> _To do_
Every record needs to come back as written, except for the pictures.

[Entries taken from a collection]
◆ ◆ ◆ ◆ ◆
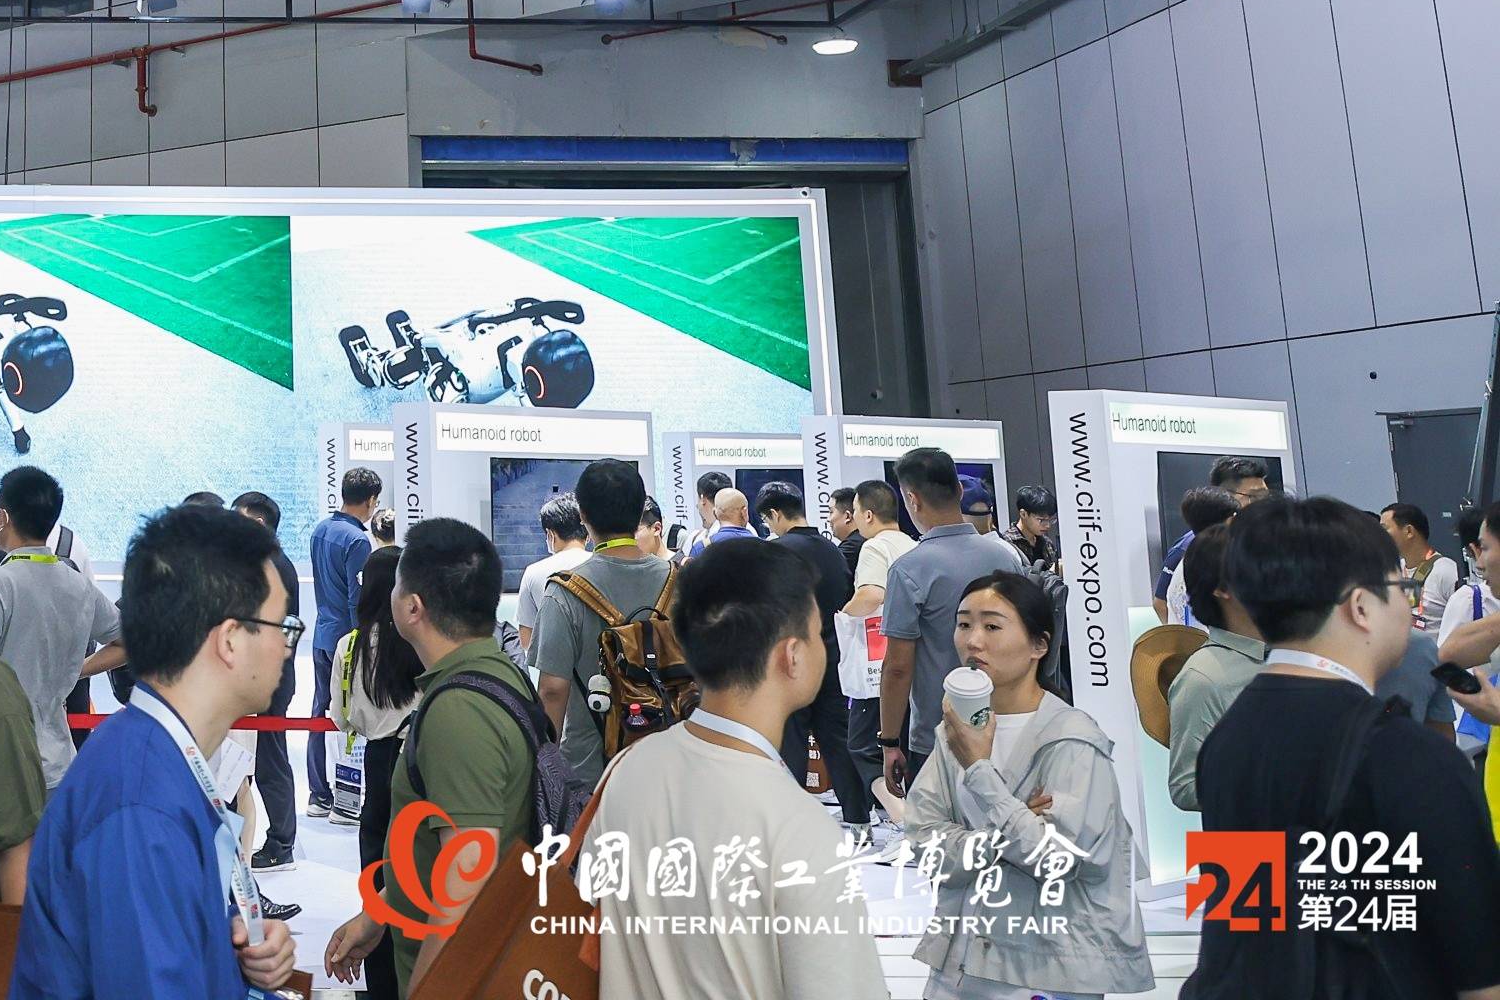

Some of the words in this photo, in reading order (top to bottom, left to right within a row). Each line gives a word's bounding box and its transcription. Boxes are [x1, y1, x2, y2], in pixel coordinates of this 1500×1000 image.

[441, 423, 506, 441] Humanoid
[510, 427, 542, 442] robot
[1112, 412, 1167, 433] Humanoid
[1169, 417, 1196, 435] robot
[846, 432, 893, 447] Humanoid
[896, 435, 919, 447] robot
[698, 446, 741, 457] Humanoid
[744, 447, 767, 458] robot
[1069, 412, 1109, 687] www.ciif-expo.com
[523, 968, 572, 1000] CO
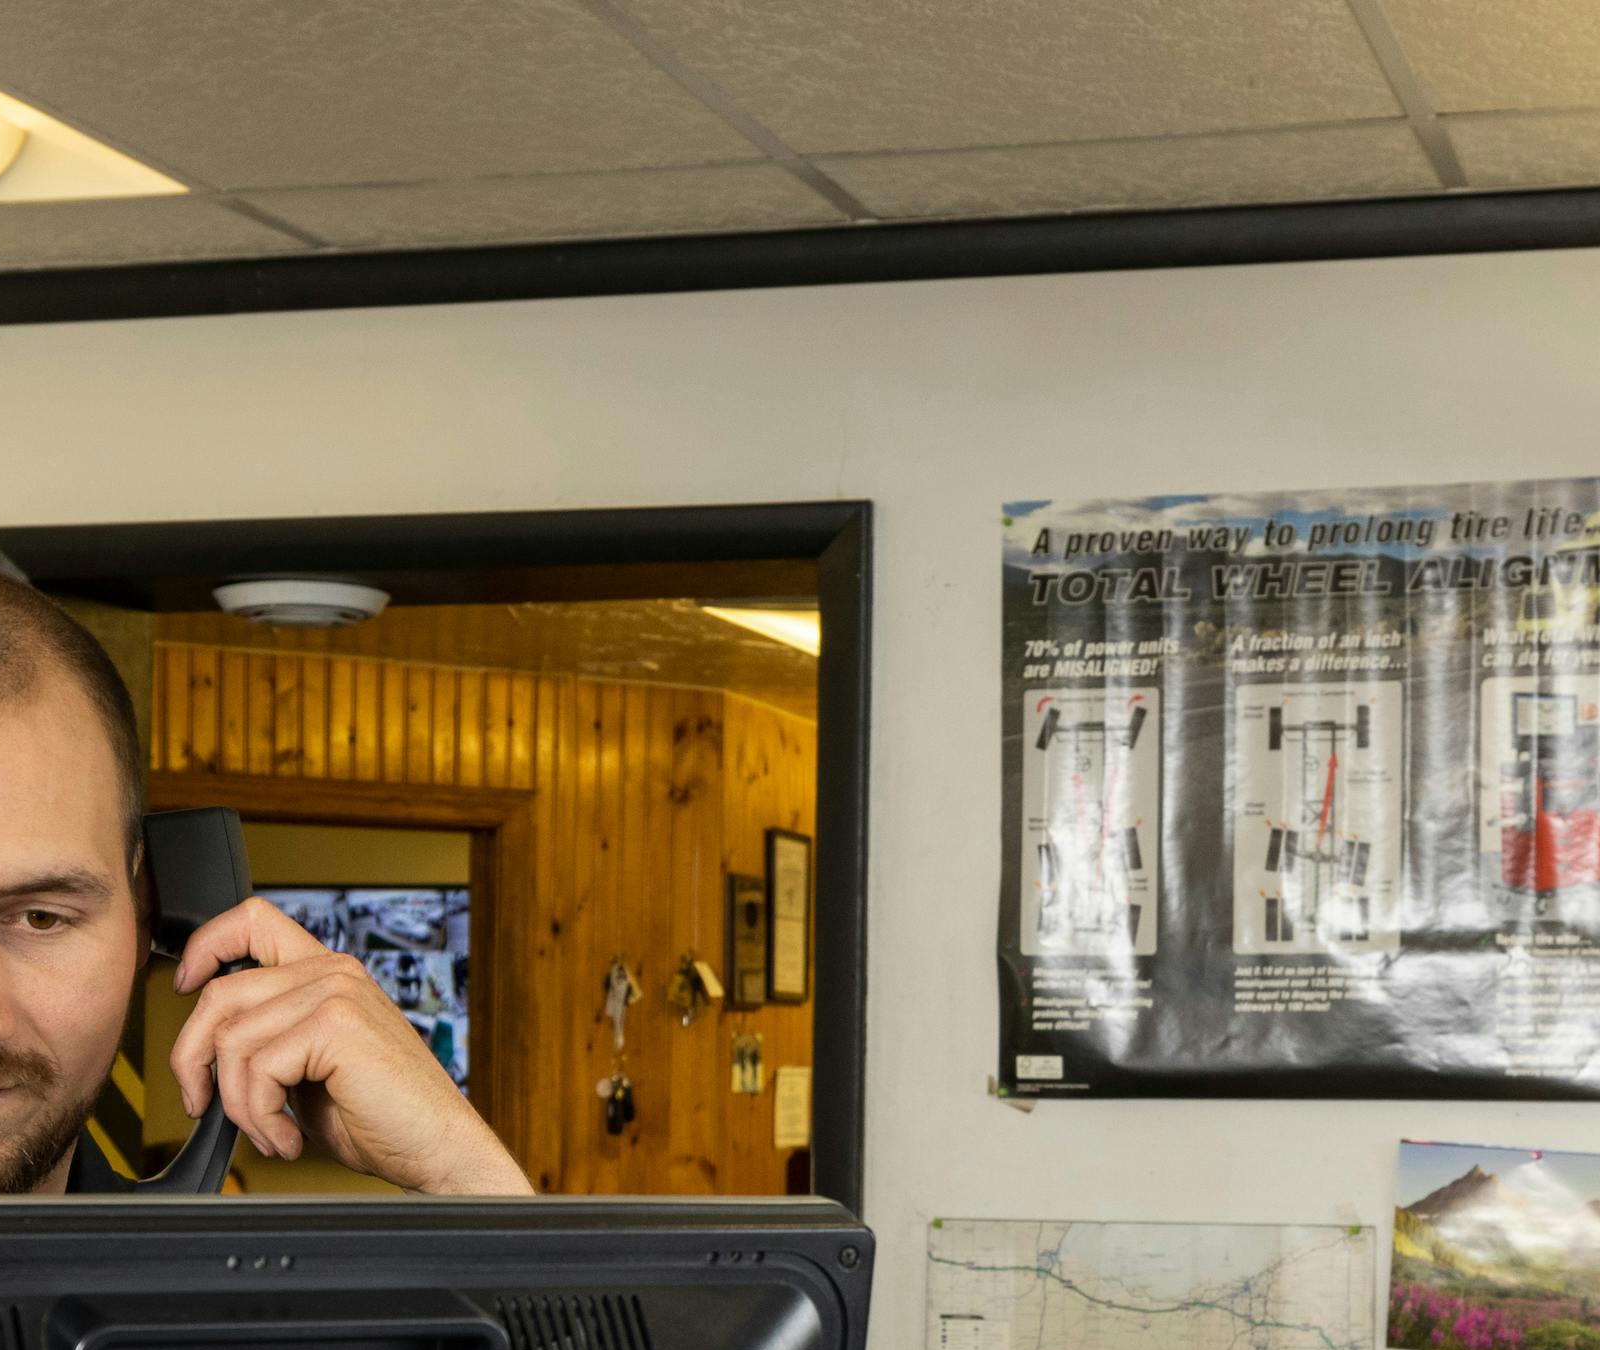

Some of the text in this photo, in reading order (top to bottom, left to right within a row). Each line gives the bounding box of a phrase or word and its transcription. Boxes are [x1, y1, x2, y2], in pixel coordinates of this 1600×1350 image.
◆ ◆ ◆ ◆ ◆
> _Task result_
Some of the words in this photo, in reading order (top to bottom, left to right within a row). Each line gives a word's bounding box and its transcription. Boxes are [x1, y1, x2, y2], in pixel coordinates of this 1500×1000 image.

[441, 423, 506, 441] Humanoid
[510, 427, 542, 442] robot
[1112, 412, 1167, 433] Humanoid
[1169, 417, 1196, 435] robot
[846, 432, 893, 447] Humanoid
[896, 435, 919, 447] robot
[698, 446, 741, 457] Humanoid
[744, 447, 767, 458] robot
[1069, 412, 1109, 687] www.ciif-expo.com
[523, 968, 572, 1000] CO

Some of the text in this photo, in reading order (top to bottom, left to right within a row). Each line gives the bounding box of a phrase or word and its transcription. Boxes are [x1, y1, x2, y2], in pixel coordinates of this 1600×1350 image.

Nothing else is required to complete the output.